Dengan begitu, geliat kampung bukan berarti meromantisir dan bernostalgia dengan kampung. Melainkan menggali pengetahuan dan menangkap nilai-nilai lokalitas kampung yang esensial bagi kehidupan bersama hari ini dan masa depan. Pengetahuan dan nilai-nilai lokal itulah yang mungkin telah puluhan atau bahkan ratusan tahun tertimbun kolonialisasi pengetahuan hingga tak dikenali lagi bentuknya.

Persoalan kampung yang menyejarah adalah juga persoalan struktural. Jarak paling dekat ialah akibat dari pembangunan kota yang kapitalistik. Kalau mau dirunut, maka penggusuran atau peminggiran fisik dan non-fisik kampung tak bisa terlepas dari jejaring ekonomi-politik global yang mengabdi pada moda produksi kapitalistik. Di era globalisasi, semua terkoneksi dalam satu mata rantai yang saling mengait. Perkembangan teknologi informasi dan komunikasi juga turut mengokohkan globalisasi ini.

Deretan tanaman hias dipajang di jalan masuk Kampung Glintung. (Terakota/Eko Widianto).

Untuk kasus Indonesia, mata rantai ekonomi global salah satunya dengan gamblang dapat terbaca dalam proyek Masterplan Percepatan dan Perluasan Pembangunan Ekonomi Indonesia (MP3EI). Proyek ini mencacah wilayah-wilayah se-Indonesia ke dalam blok-blok produksi atau koridor ekonomi yang saling terkoneksi dan pada akhirnya terhubung juga dengan agenda bisnis global. Ada yang ditetapkan sebagai wilayah pertambangan. Ada yang ditunjuk sebagai garda ketahanan pangan. Dan ada pula yang dicipta sebagai penyuguh lokasi wisata.

Tak jarang, laju bisnis dan investasi yang dibonceng globalisasi membuat kampung dan desa remuk-redam. Orang-orang kampung tiba-tiba diminta berkemas dan meninggalkan ruang hidupnya selama ini. Mereka digusur. Kampung atau desa bakal disulap jadi area industri atau perdagangan.
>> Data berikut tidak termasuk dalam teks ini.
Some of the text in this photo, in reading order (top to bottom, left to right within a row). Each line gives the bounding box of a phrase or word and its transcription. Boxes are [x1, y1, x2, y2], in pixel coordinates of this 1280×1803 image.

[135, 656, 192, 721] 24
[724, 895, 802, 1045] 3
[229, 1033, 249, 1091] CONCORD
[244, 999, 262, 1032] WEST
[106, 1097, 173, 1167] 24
Atau bakal berdiri dan dibangun infrastruktur-infrastruktur baru.  

Lalu, gegas atau lambat erosi kearifan tradisi dan budaya juga tak dapat dihindarkan. Nilai serta pengetahuan lokal yang terhubung dengan ruang hidup masyarakat turut terputus berbarengan dengan penggusuran dan relokasi besar-besaran. Misalnya masyarakat Suku Batui di Kabupaten Banggai Sulawesi Tengah. Ritual tahunan, Malabot Tumpe, kian hari kian sulit.
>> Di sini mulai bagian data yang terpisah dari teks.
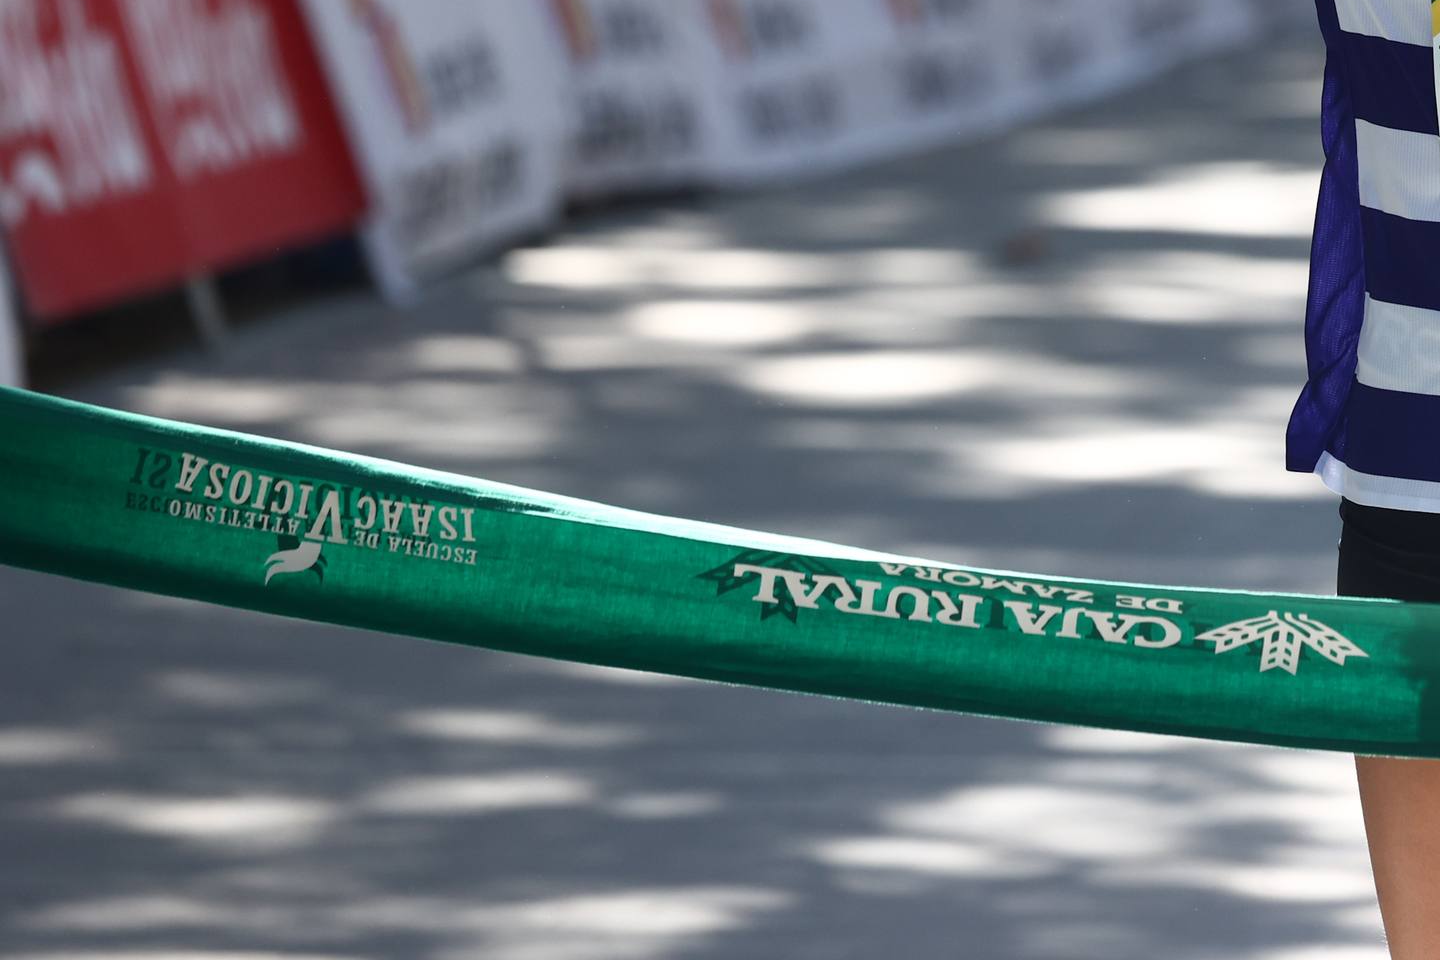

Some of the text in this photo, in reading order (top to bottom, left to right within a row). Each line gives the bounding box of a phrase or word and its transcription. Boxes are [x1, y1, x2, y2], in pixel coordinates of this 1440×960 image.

[169, 499, 300, 536] ATLETISMO
[354, 530, 379, 549] DE
[389, 535, 477, 565] ESCUELA
[733, 563, 1181, 648] CAJA RURAL
[879, 562, 1183, 614] DE ZAMORA
Mereka menjadi susah beroleh telur Maleo, ubo rampe utama ritual. Pasalnya, habitat BurungMaleo di hutan Bakiriang rusak akibat ekspansi perkebunan sawit dan industri ekstraktif. Padahal, ritual itulah salah satu identitas lokal mereka kini terancam. Hutan itu dulunya dikelola oleh adat dan baik-baik saja. Namun, tahun 1970-an pengelolaan hutan diambil alih oleh negara dan menyisakan persoalan hingga hari ini.
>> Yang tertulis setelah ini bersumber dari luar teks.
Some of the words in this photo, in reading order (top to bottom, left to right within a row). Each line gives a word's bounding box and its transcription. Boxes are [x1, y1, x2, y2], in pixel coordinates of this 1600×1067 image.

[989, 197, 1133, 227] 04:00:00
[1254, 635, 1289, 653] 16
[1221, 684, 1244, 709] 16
Tentu, masih banyak lagi contoh serupa dan senasib yang dapat kita sodorkan untuk menunjukkan keterancaman eksistensi kampung. Baik fisik maupun non-fisiknya. Karenanya, tantangan bagi geliat kampung ke depan, selain agar tidak terjebak menjadi sekadar ruang ciptaan investor, destinasi wisata, latar pemuas hasrat berfoto, dsb, adalah bentuk perlawanan dan penolakannya terhadap agenda-agenda kapitalisme-neoliberal. Bagaimanapun, pembangunan yang diboncengi agenda neoliberal sama destruktifnya dengan guyuran narkoba bagi kalangan muda di kampung-kampung. Kenikmatan fantasi sebentar, lalu ambruk selamanya. Tabik.